Certain components of its essential oil, mainly myristicin, can produce psychoactive, hypnotic or even hallucinogenic effects, although it contains them in such a small amount, that this effect is unlikely to occur.
Parsnip for the digestive system
Parsnip is a great food for the digestive system, because it is light and easy to digest, and because it provides a large amount of fiber with prebiotic properties, to increase the healthy intestinal flora of our intestines. Eating parsnip is appropriate after episodes of diarrhea or taking antibiotics, to help regenerate the intestinal flora.
In addition to fiber, the parsnip root also has sulfur components with antiseptic properties that help control intestinal putrefactions, being, overall, a very suitable food in cases of constipation.
Complementing this effect, the essential oils of the plant, mainly terpinolene, decrease the formation of nitrosamines in the intestine, components that are produced during digestion in the intestine of red meat and processed meat, closely related to cancer of colon.
Parsnip for cholesterol
Parsnip is really a very fibrous food, due to its high fiber content (5g per 100g).
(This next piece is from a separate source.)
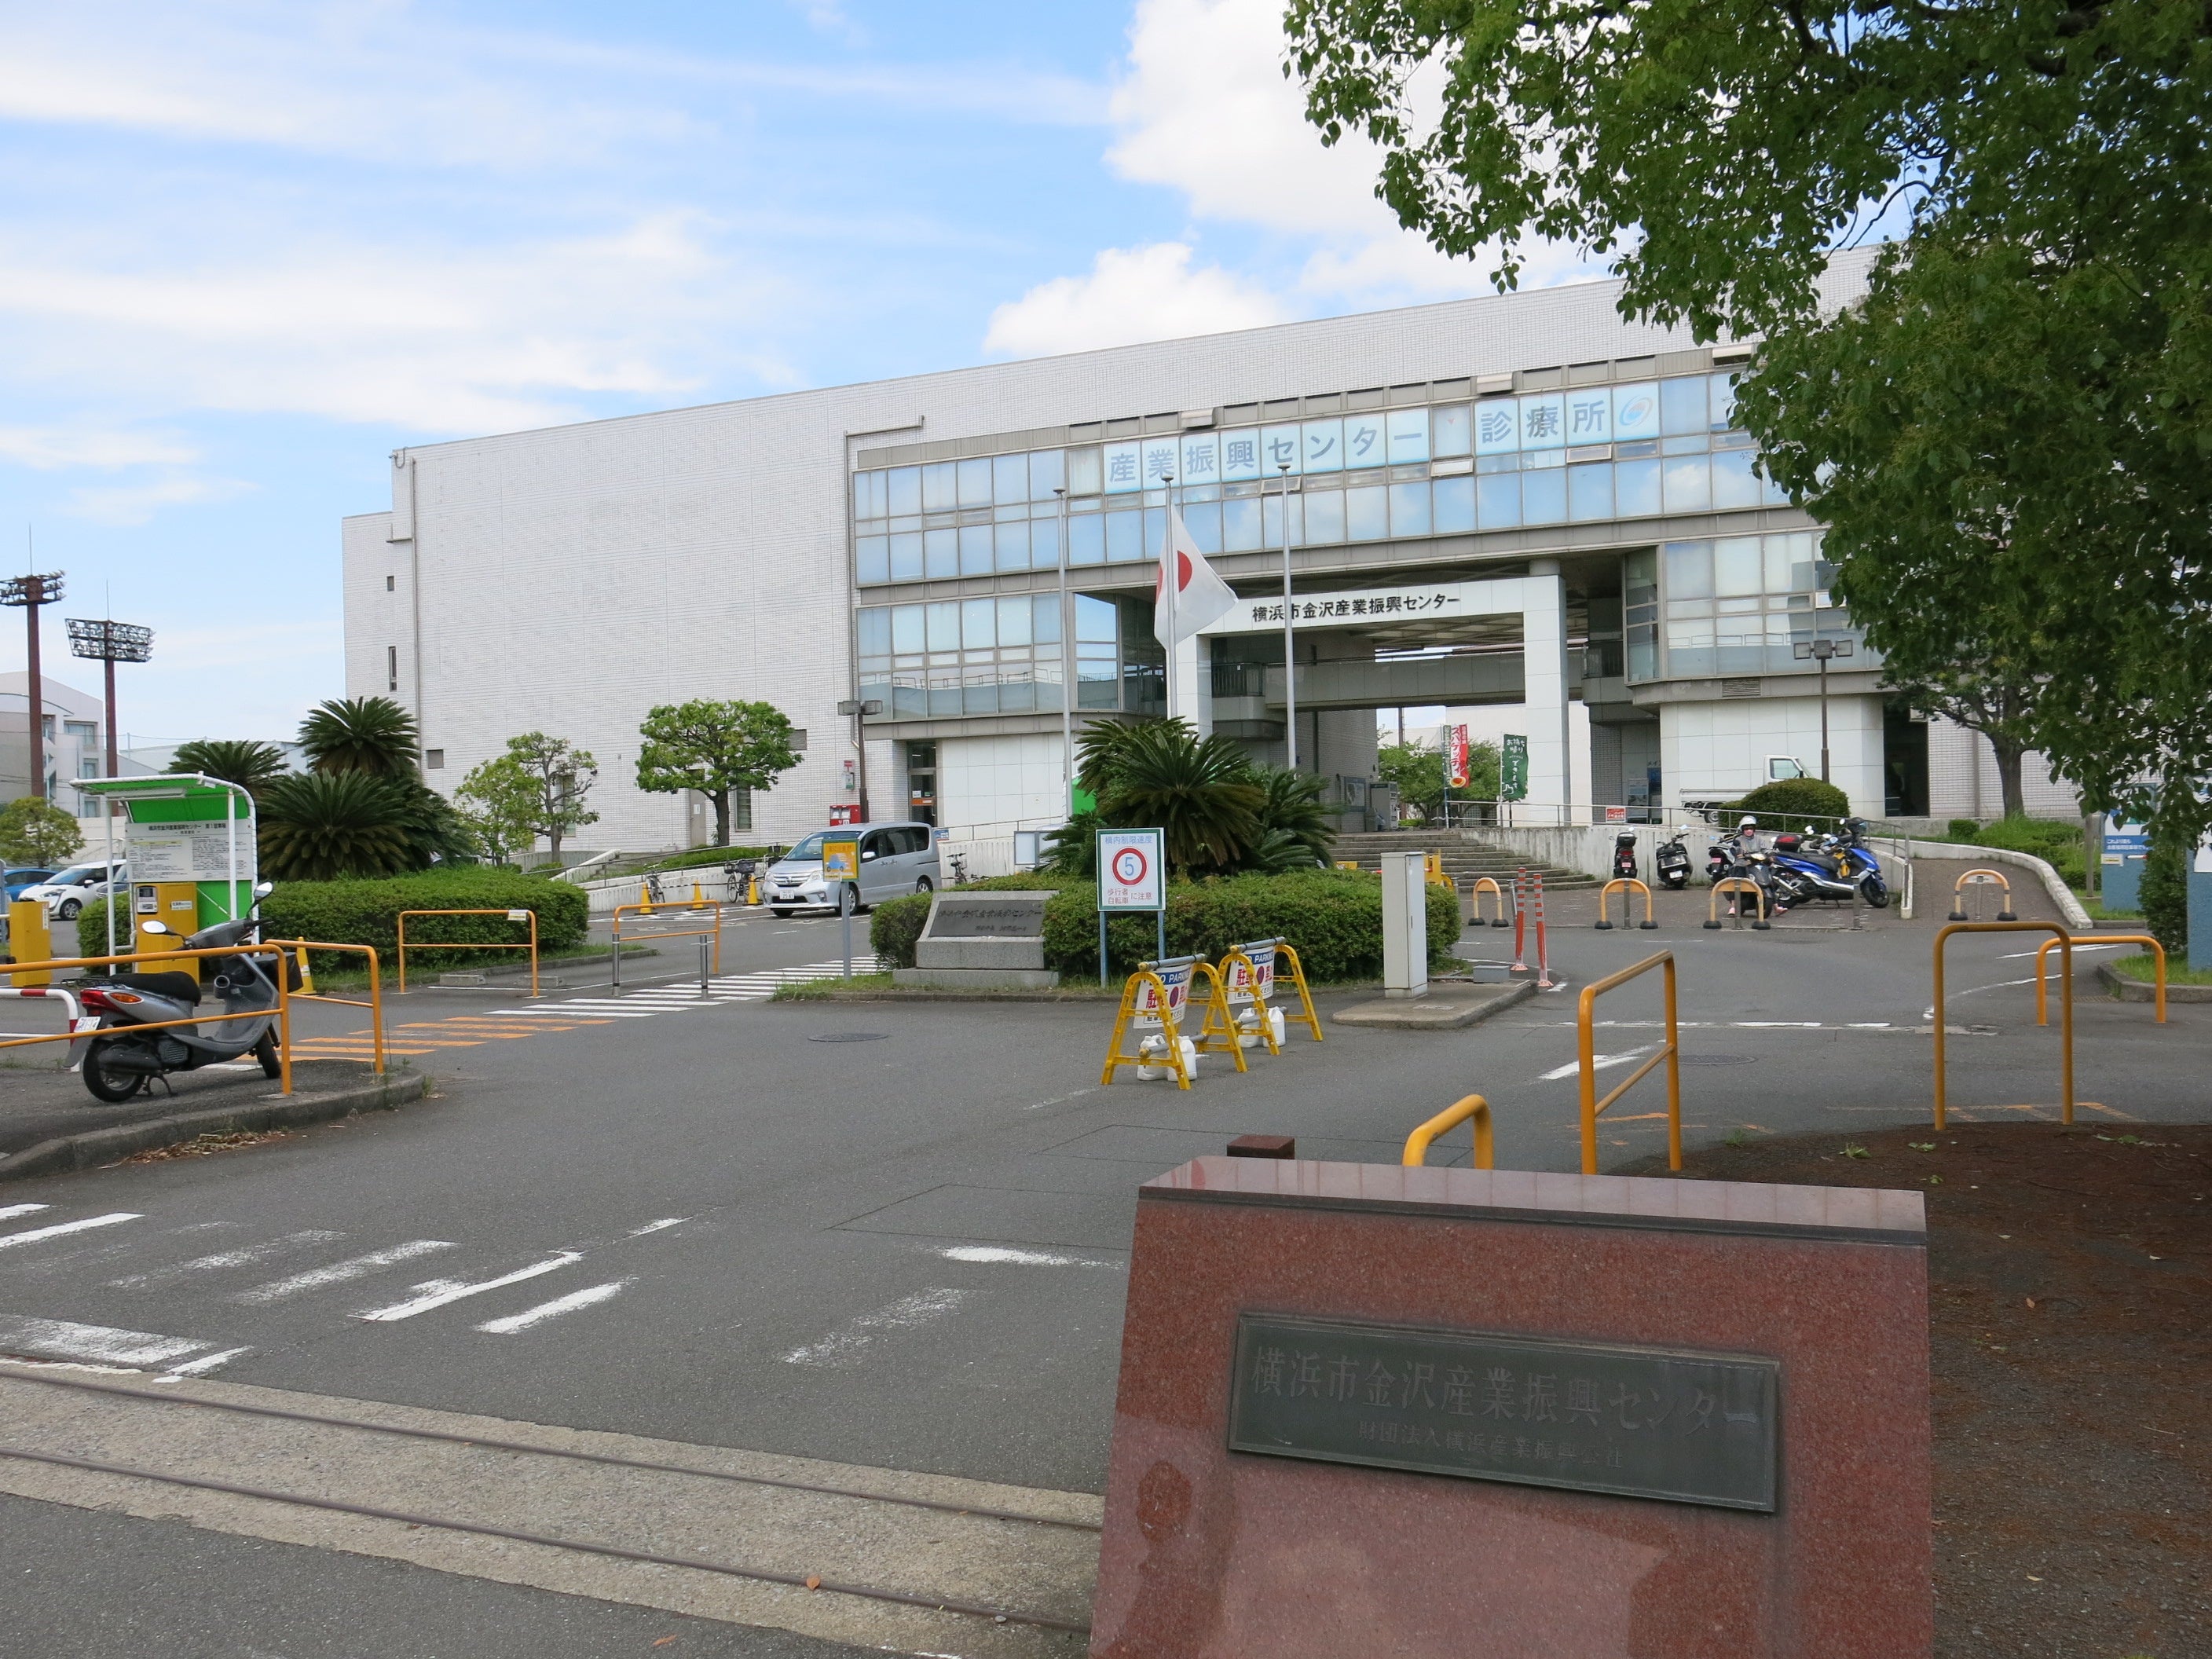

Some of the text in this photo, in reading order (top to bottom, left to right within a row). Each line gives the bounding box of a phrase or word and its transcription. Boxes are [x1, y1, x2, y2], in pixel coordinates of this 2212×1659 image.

A large parsnip (200g) contains 10g of fiber, equivalent to ⅓ of all the recommended fiber per day. This vegetable contains as much fiber as 5 times more fiber than lettuce, or twice as much fiber as a carrot.
Due to the undoubted role that fiber has in lowering cholesterol, the consumption of this food is highly recommended in people who must lower their blood lipid level. As always, within some healthy diet guidelines.
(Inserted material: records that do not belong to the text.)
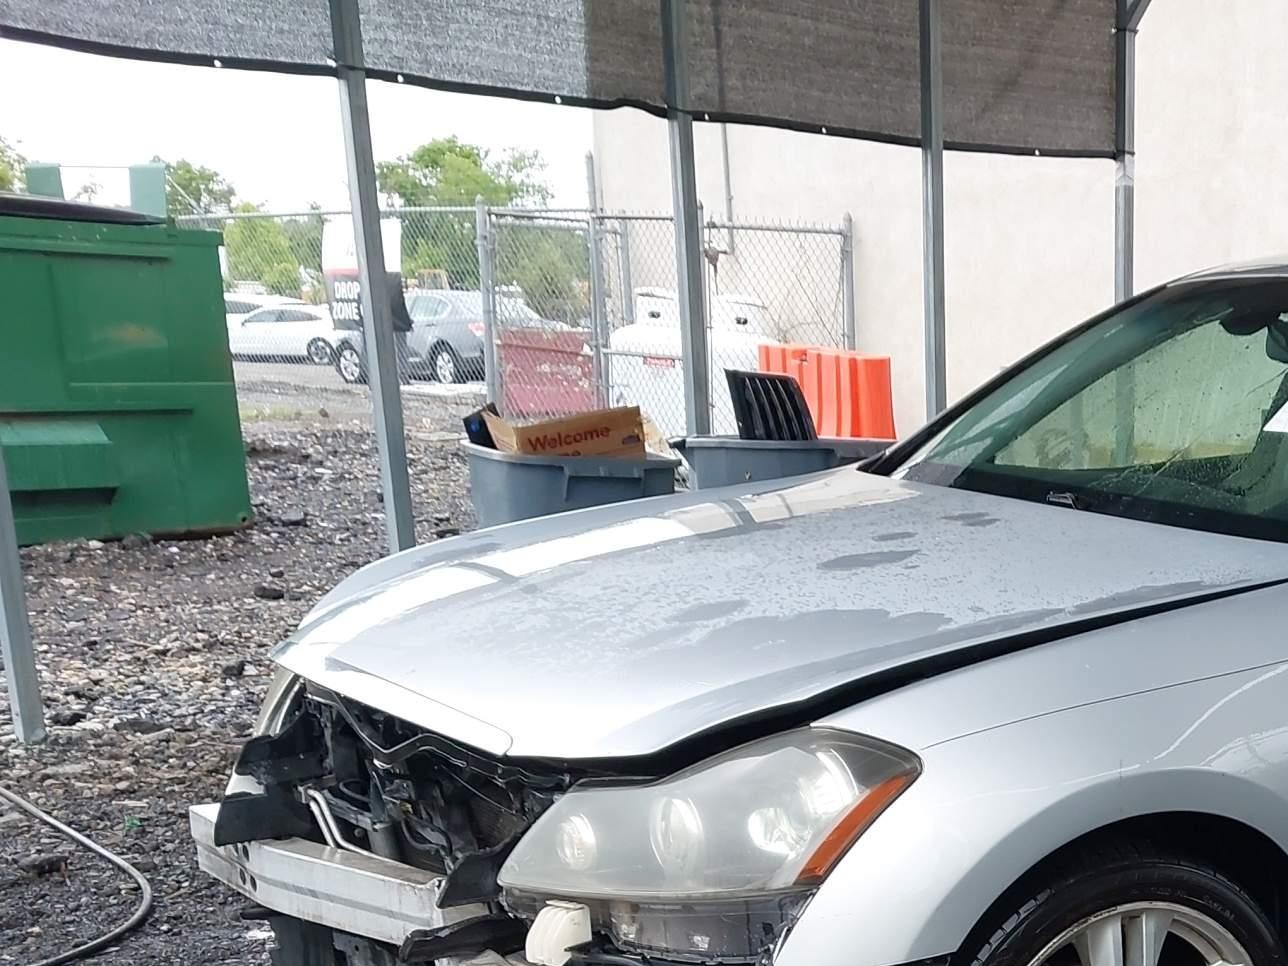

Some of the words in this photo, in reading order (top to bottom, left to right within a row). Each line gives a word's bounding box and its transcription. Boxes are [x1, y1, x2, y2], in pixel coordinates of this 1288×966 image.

[334, 281, 360, 299] DROP
[332, 301, 360, 320] ZONE
[528, 426, 611, 452] Welcome
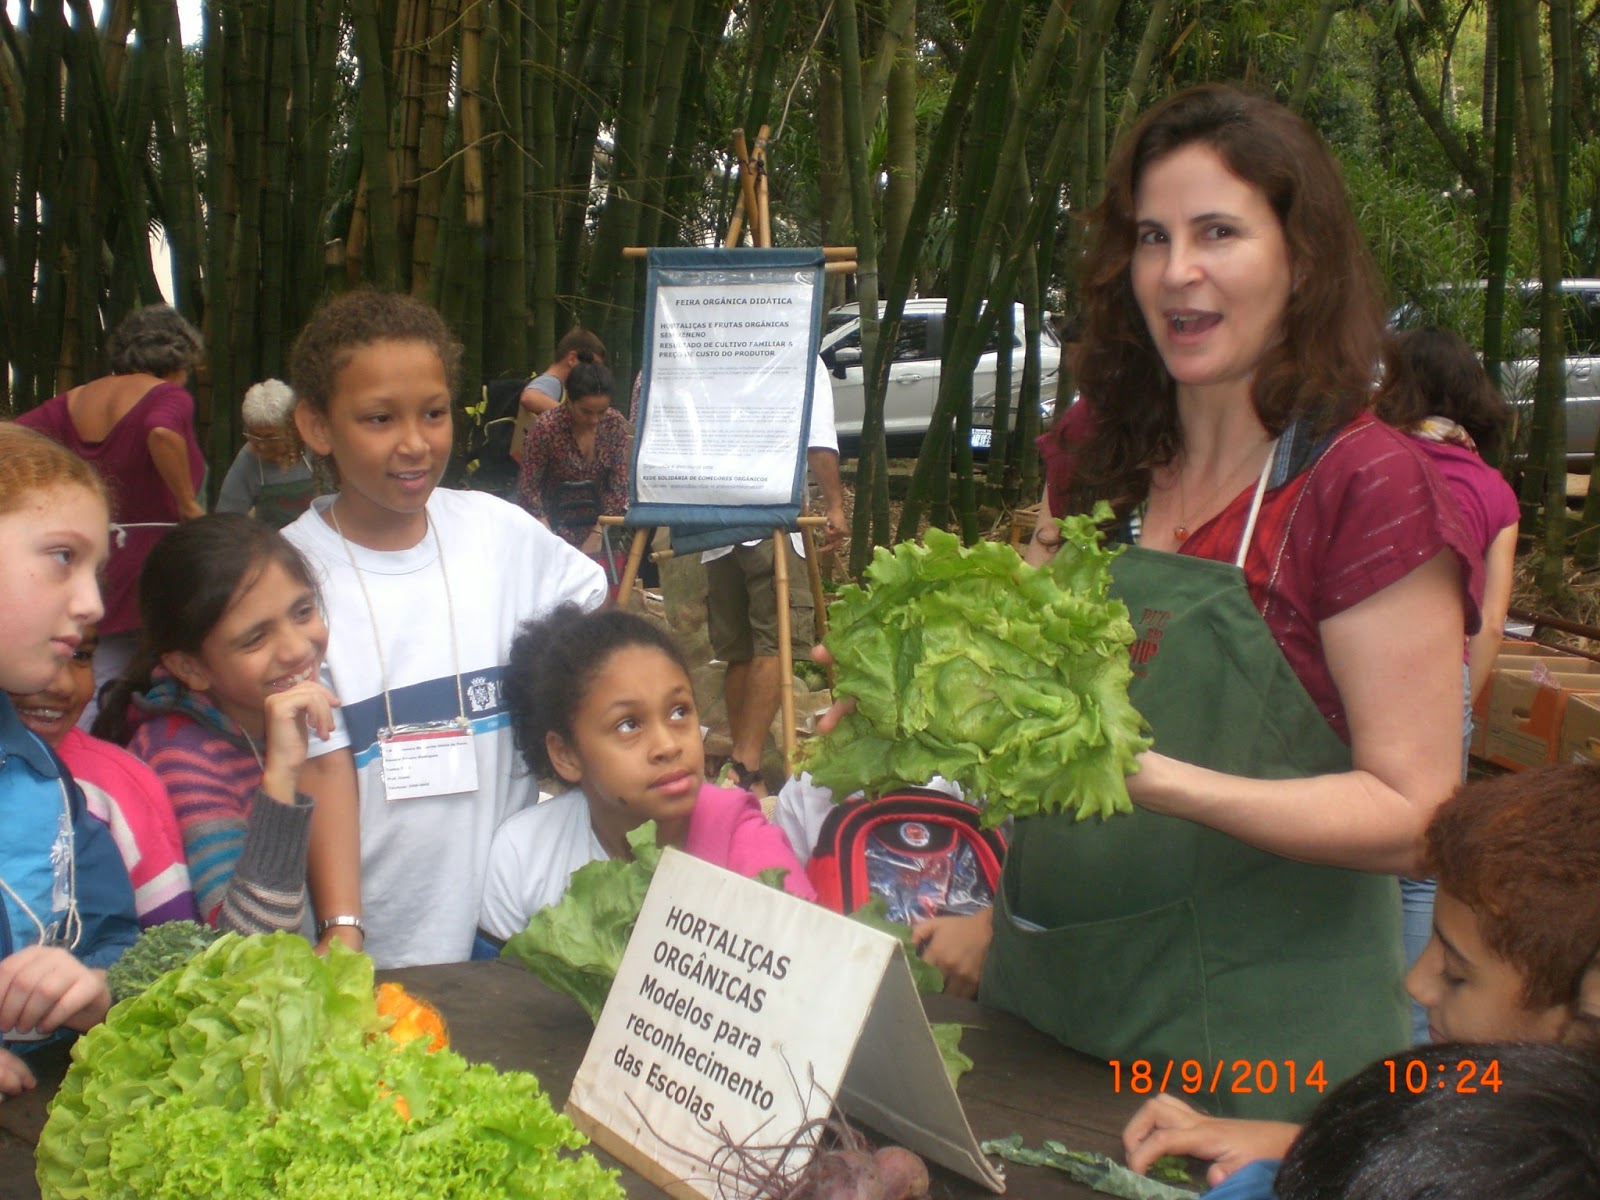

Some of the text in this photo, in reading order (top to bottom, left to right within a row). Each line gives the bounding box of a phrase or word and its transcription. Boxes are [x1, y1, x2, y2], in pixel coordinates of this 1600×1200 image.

[660, 322, 706, 330] HOTALIÇAS
[744, 320, 789, 328] ORGÂNICAS
[702, 297, 748, 306] ORGÂNICA
[750, 296, 792, 305] DIDÁTICA
[653, 941, 767, 1013] ORGÂNICAS
[665, 906, 791, 980] HORTALIÇAS
[638, 974, 761, 1058] Modelos para
[614, 1045, 715, 1122] das Escolas
[626, 1012, 774, 1111] reconhecimento
Parsnip as a diuretic food
Parsnip is very rich in diuretic and antioxidant components, among which is its essential oil and its high potassium content. These components are very suitable to help the kidneys and the liver to eliminate substances from the body, such as excess sodium, which when accumulated produces fluid retention.
Parsnip for hypertension and heart disease
In case of hypertension, it is recommended to increase the contribution in potassium, magnesium and calcium (all of them intervene in the contraction of the muscles, such as the heart muscle). Of these three minerals, parsnip is very rich in potassium and magnesium, being another suitable vegetable in the diet for hypertension, especially if you take medications for hypertension, which increase the elimination of potassium.
For the same reason, it is a food that is recommended in diets for athletes.
Parsnip in Traditional Chinese Medicine
Traditional Chinese Medicine attributes parsnips properties to warm the body. Due to its natural sweet flavor, it nourishes the earth element, represented by the stomach, spleen and pancreas.